**Activity:** Without any pictures, output the records exactly as they are.

________________

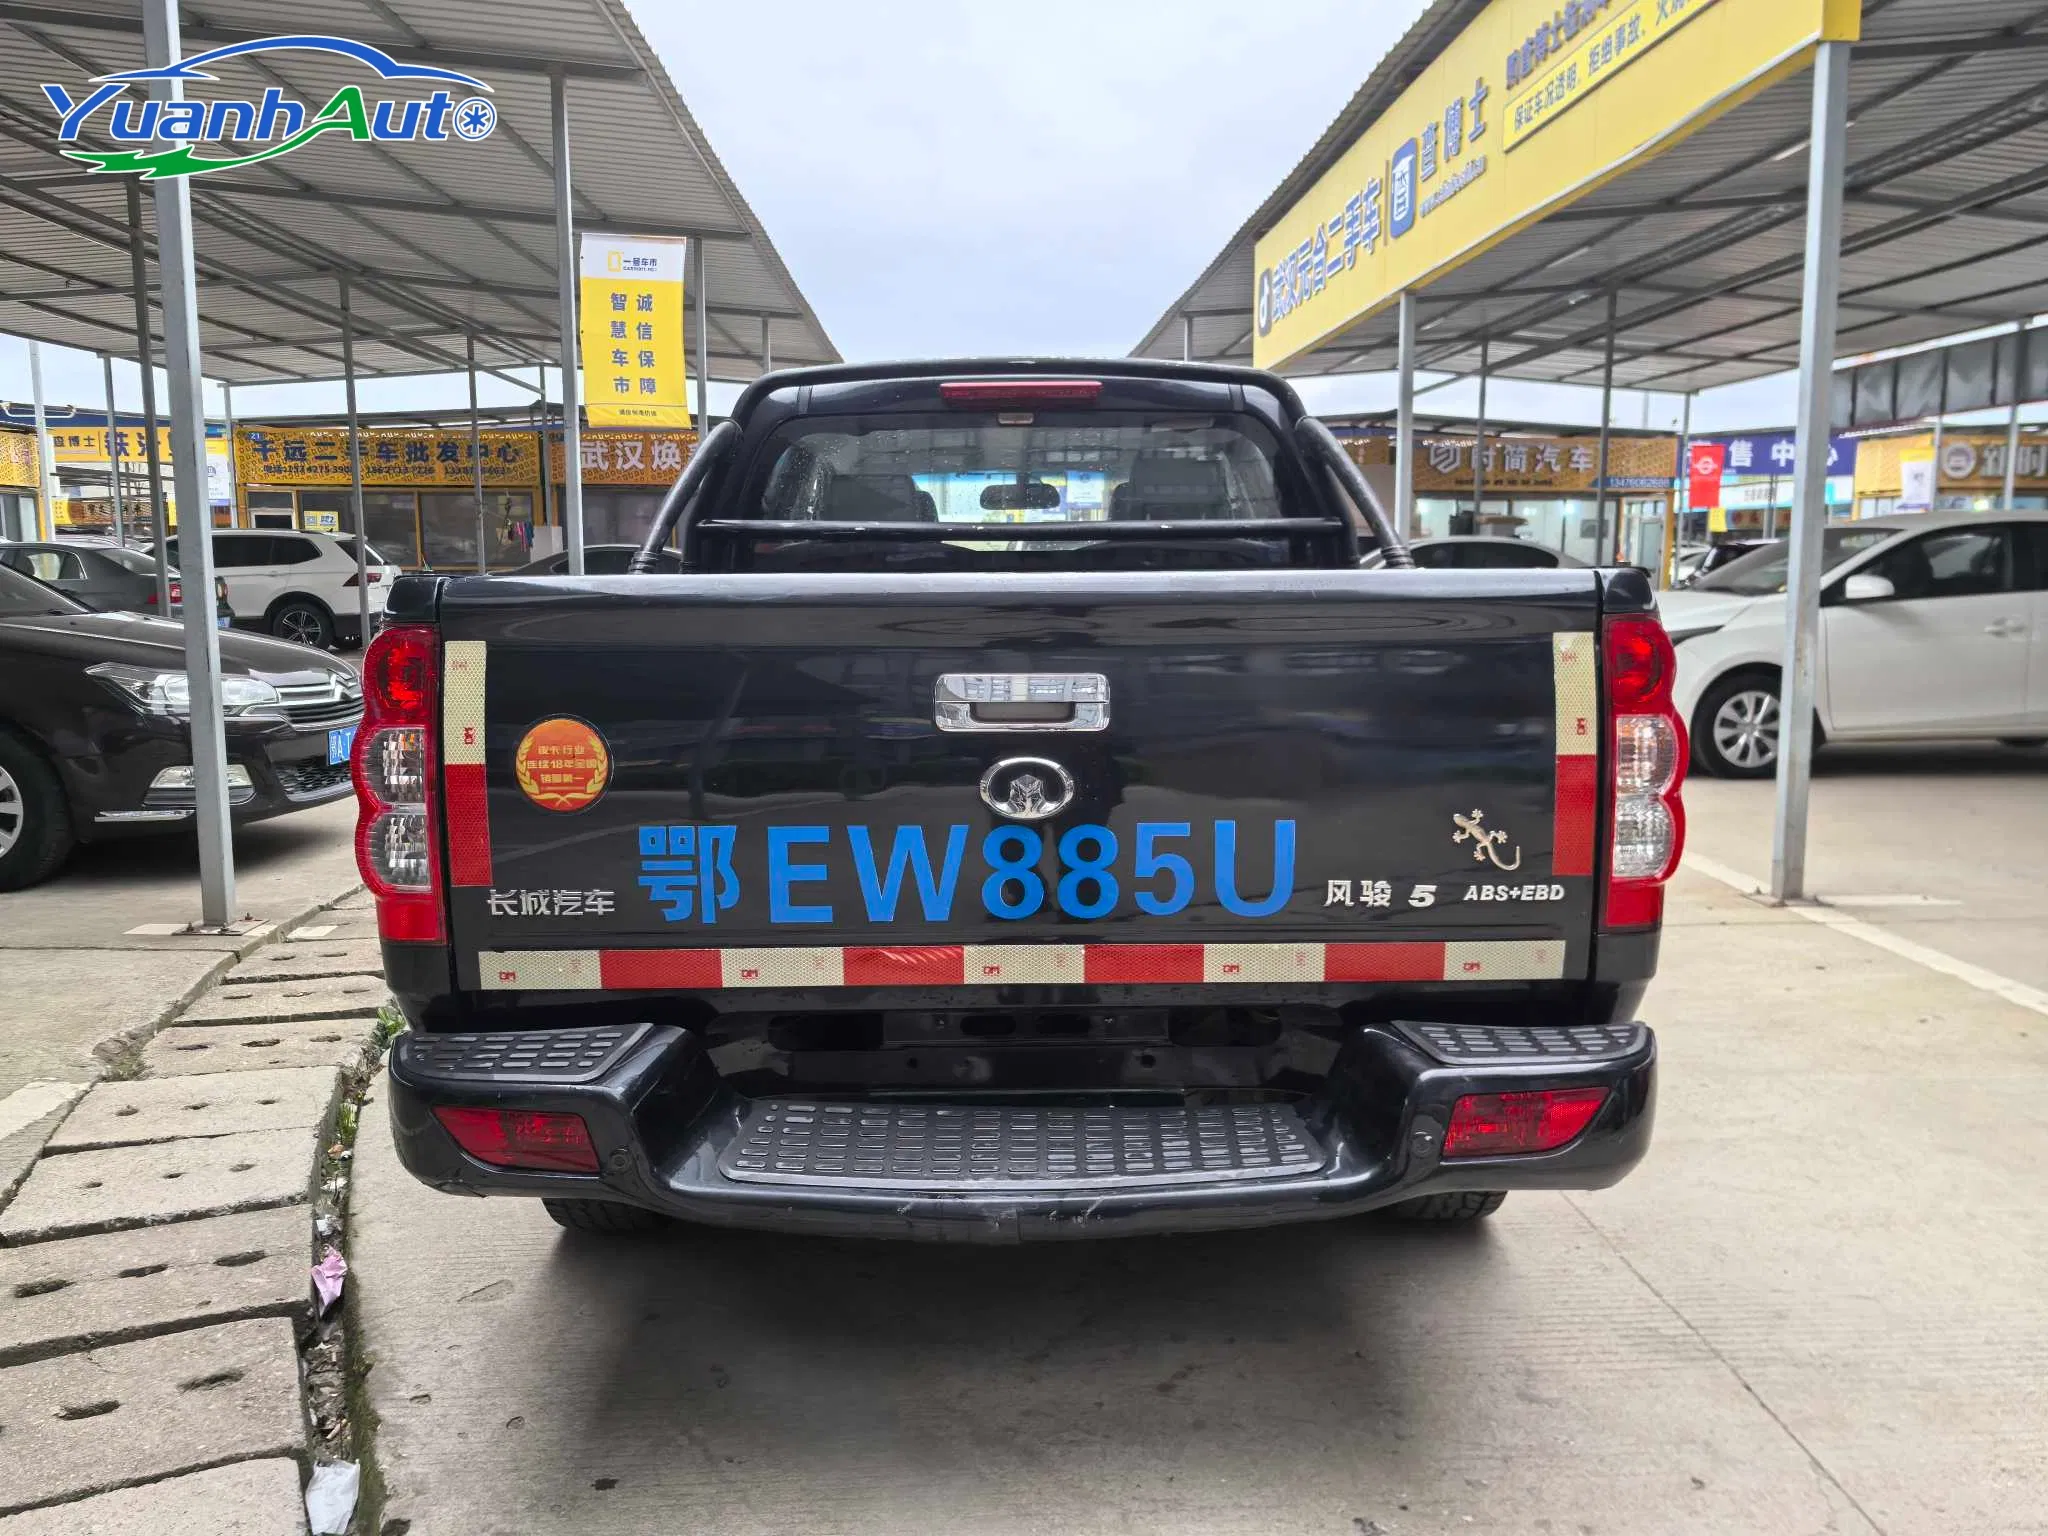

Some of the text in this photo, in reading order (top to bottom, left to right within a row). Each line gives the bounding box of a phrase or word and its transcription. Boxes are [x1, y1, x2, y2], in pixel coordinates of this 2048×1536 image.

[1420, 78, 1488, 183] 查博士
[610, 292, 631, 395] 智慧车市
[636, 293, 657, 396] 诚信保障
[487, 888, 616, 917] 长城汽车
[638, 819, 1296, 924] 鄂EW885U
[1324, 879, 1438, 908] 风骏 5
[1462, 883, 1566, 903] ABS+EBD
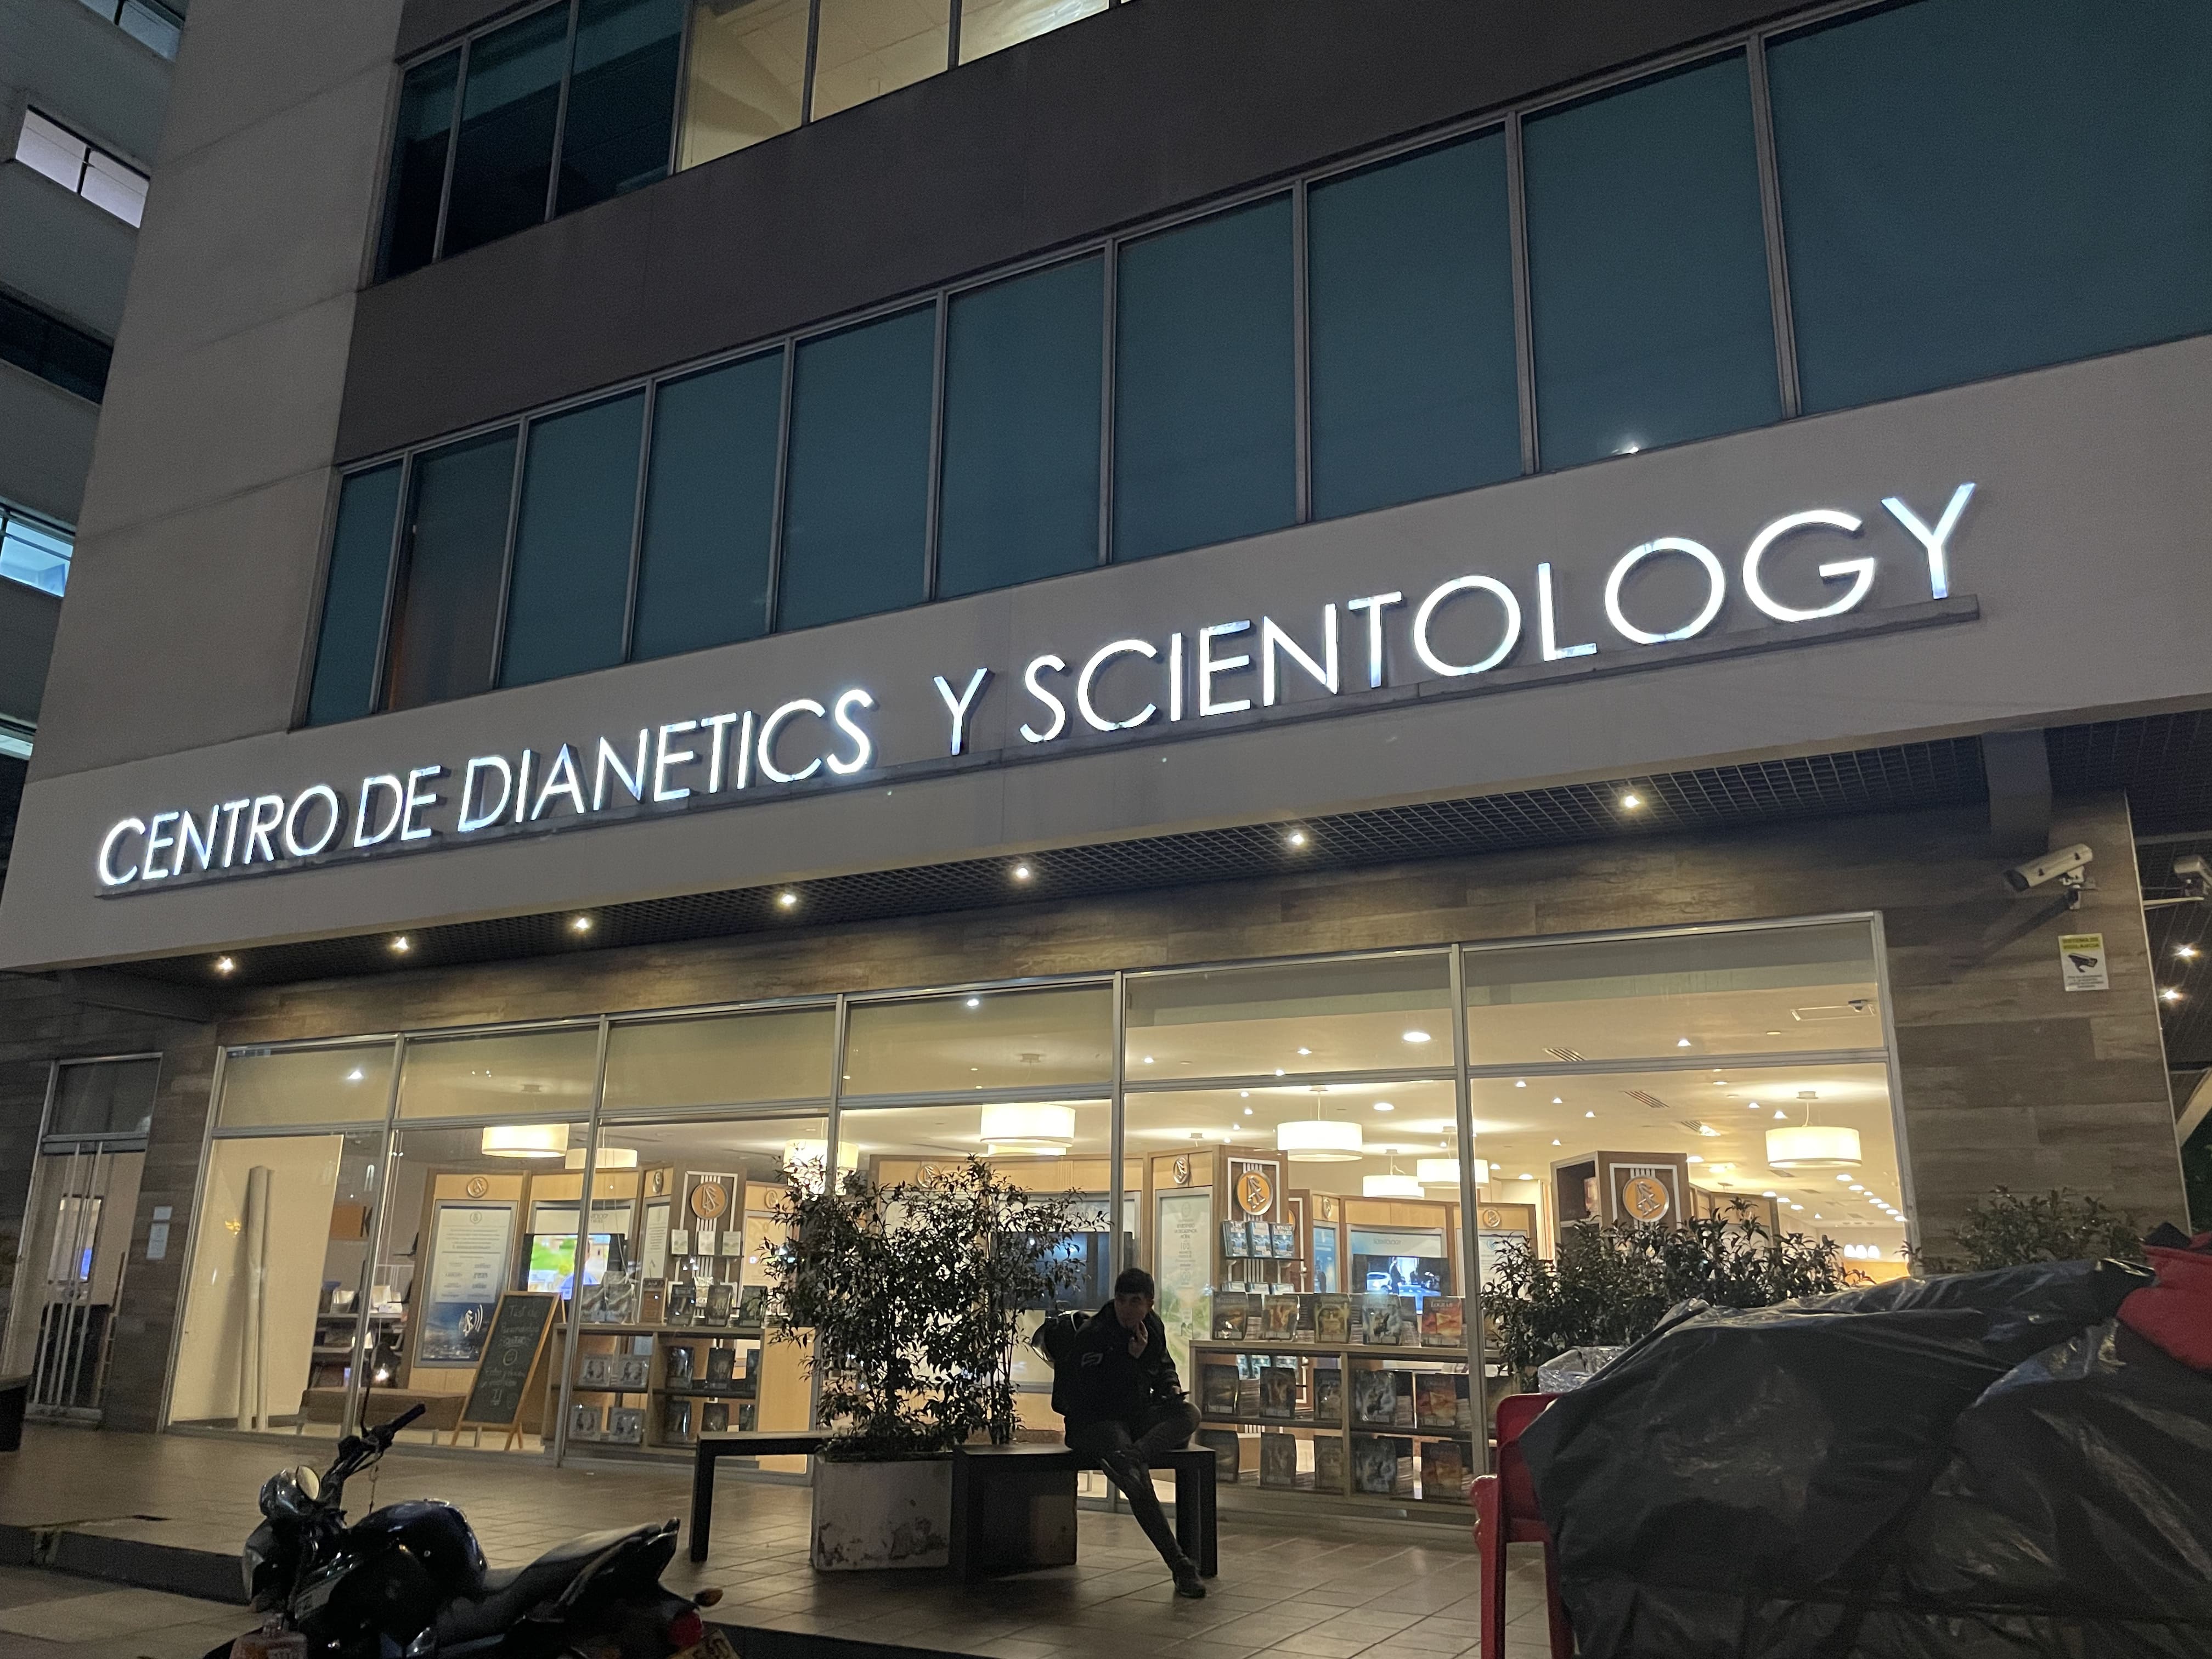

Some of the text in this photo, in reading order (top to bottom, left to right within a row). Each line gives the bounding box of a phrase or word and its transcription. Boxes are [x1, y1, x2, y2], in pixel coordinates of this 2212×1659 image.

[97, 483, 1976, 886] CENTRO DE DIANETICS Y SCIENTOLOGY

________________

**Answer space:**
Some of the text in this photo, in reading order (top to bottom, left to right within a row). Each line gives the bounding box of a phrase or word and its transcription. Boxes are [x1, y1, x2, y2], in pixel coordinates of this 2048×1536 image.

[1420, 78, 1488, 183] 查博士
[610, 292, 631, 395] 智慧车市
[636, 293, 657, 396] 诚信保障
[487, 888, 616, 917] 长城汽车
[638, 819, 1296, 924] 鄂EW885U
[1324, 879, 1438, 908] 风骏 5
[1462, 883, 1566, 903] ABS+EBD

Some of the text in this photo, in reading order (top to bottom, left to right within a row). Each line gives the bounding box of a phrase or word and its transcription. Boxes are [x1, y1, x2, y2], in pixel coordinates of this 2212×1659 image.

[97, 483, 1976, 886] CENTRO DE DIANETICS Y SCIENTOLOGY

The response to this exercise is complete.